El texto evangélico de este domingo (Mt 18,21-35) quiere recordarnos que, si la comunidad tiene como objetivo ser el modelo del estilo de vida que Dios quiere para todos los hombres, el espíritu de perdón mutuo tiene que ser constante y sin condiciones. Y la dureza de la parábola que ilustra la respuesta a la pregunta de Pedro es hoy, para nosotros, discípulos–misioneros, un fuerte toque de atención ante el peligro de acostumbrarnos demasiado a ser cristianos y a pensar que nuestro cristianismo no nos exige más que lo que ya hacemos: ser cristianos nos exige perdonar siempre, por difícil que sea; y si no queremos dar ese perdón, Dios no nos puede admitir. Si repasamos las narraciones evangélicas, nos daremos cuenta de que esta actitud de perdón aparece a menudo como una de las actitudes que determinan si realmente se ha cruzado el umbral del seguimiento de Jesús o no se ha cruzado aún. La llamada al perdón de los enemigos, o la petición del perdón en el padrenuestro, por ejemplo, son muy ilustrativos en este sentido.

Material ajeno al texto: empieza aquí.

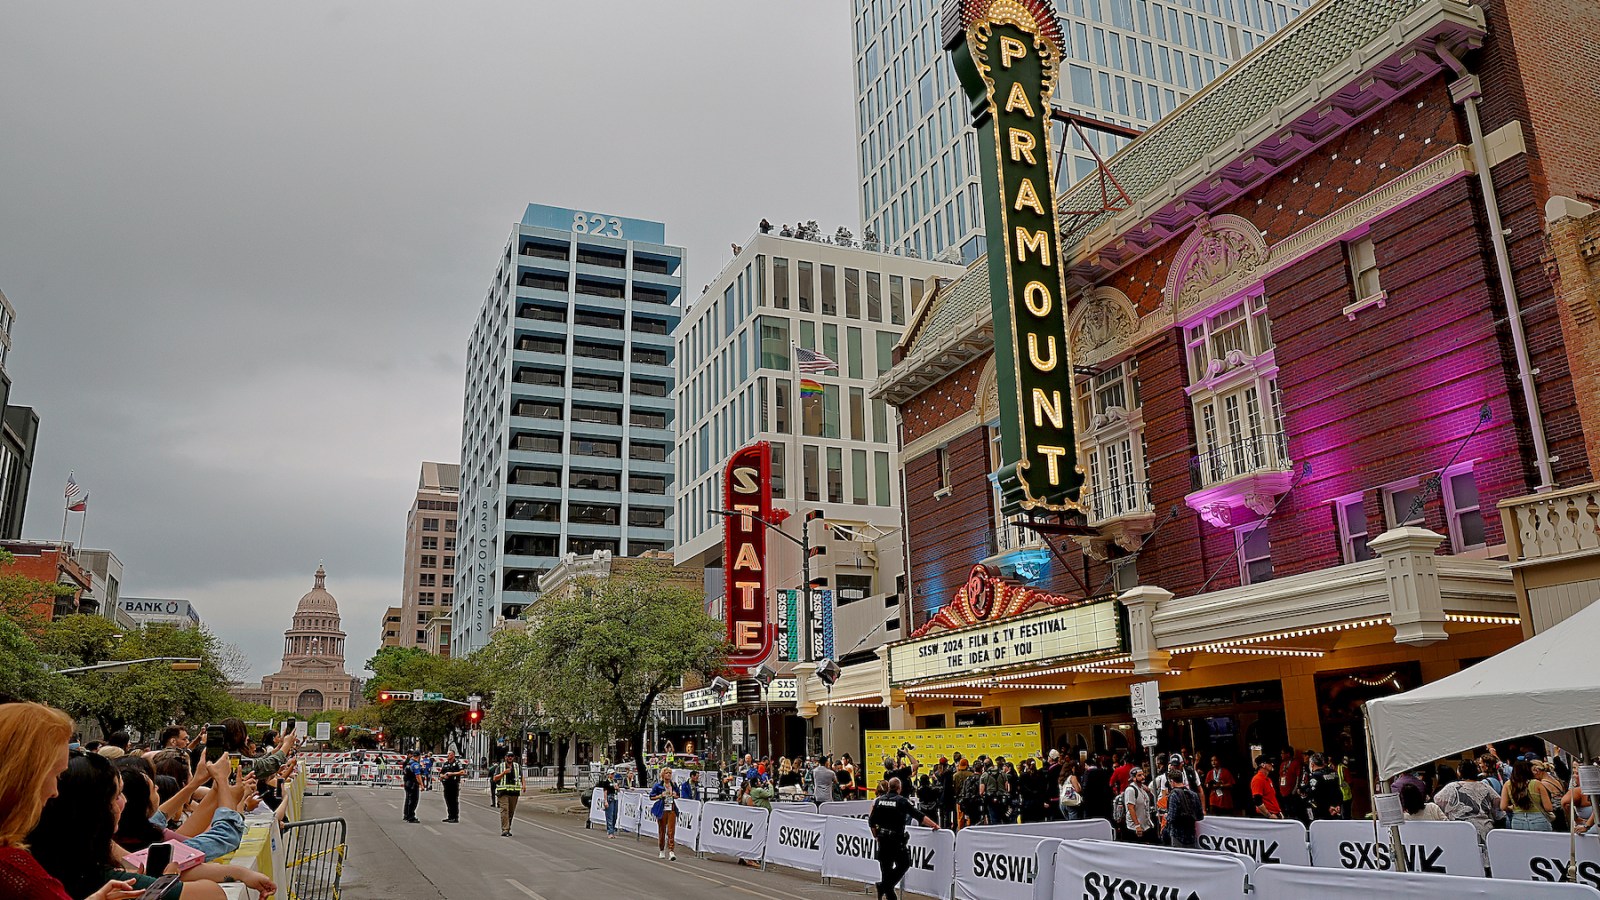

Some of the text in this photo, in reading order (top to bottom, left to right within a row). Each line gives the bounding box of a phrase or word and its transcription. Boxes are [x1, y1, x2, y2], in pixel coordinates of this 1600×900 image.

Así pues, la muestra más palpable de la profundidad del amor que experimentan los discípulos–misioneros de Jesús es que pueden perdonar. En el perdón el amor se hace concreto y real. Ya no es un ser abstracto objeto de amor. Es la persona viva, con todas sus limitaciones y pecados, indigente y necesitada, a veces molesta e irritante, otras, descartada. El perdón es la única posibilidad de amar en un mundo en que la cruz de Cristo nos habla de la existencia del mal. No necesitamos cerrar los ojos y fingir hombres que no existen. Amamos perdonando. Al respecto llama la atención el enorme contraste que preside la parábola de hoy. Un empleado del rey le debía muchos millones, una suma inmensa, tal que justificara un hecho no frecuente: la posibilidad de venderle a él, a su mujer e hijos, y a sus posesiones. Al empleado, en cambio, uno de sus compañeros le debía cien denarios, una cifra pequeña, que sólo podía ser exigida con unos días de cárcel. Lo que pide el empleado que debía tan ingente suma a su señor es sólo «ten paciencia y te lo pagaré todo». Lo que recibe es «el perdón de la deuda». Lo que pide al empleado su compañero es literalmente lo mismo que él a su señor: «ten paciencia y te lo pagaré todo». Lo que recibe no es ya el perdón, pero ni siquiera esa paciencia, sino la cárcel. El empleado no ha sobrepasado la ley, se ha atenido a ella. Pero ha sido incapaz de transmitir el mensaje de perdón de su señor —Dios— que supera todo lo que él esperaba. La comunidad del Reino no puede vivir de la legalidad, sino de la inmensa alegría del Padre, cuyo amor y perdón excede de lo que podemos pensar.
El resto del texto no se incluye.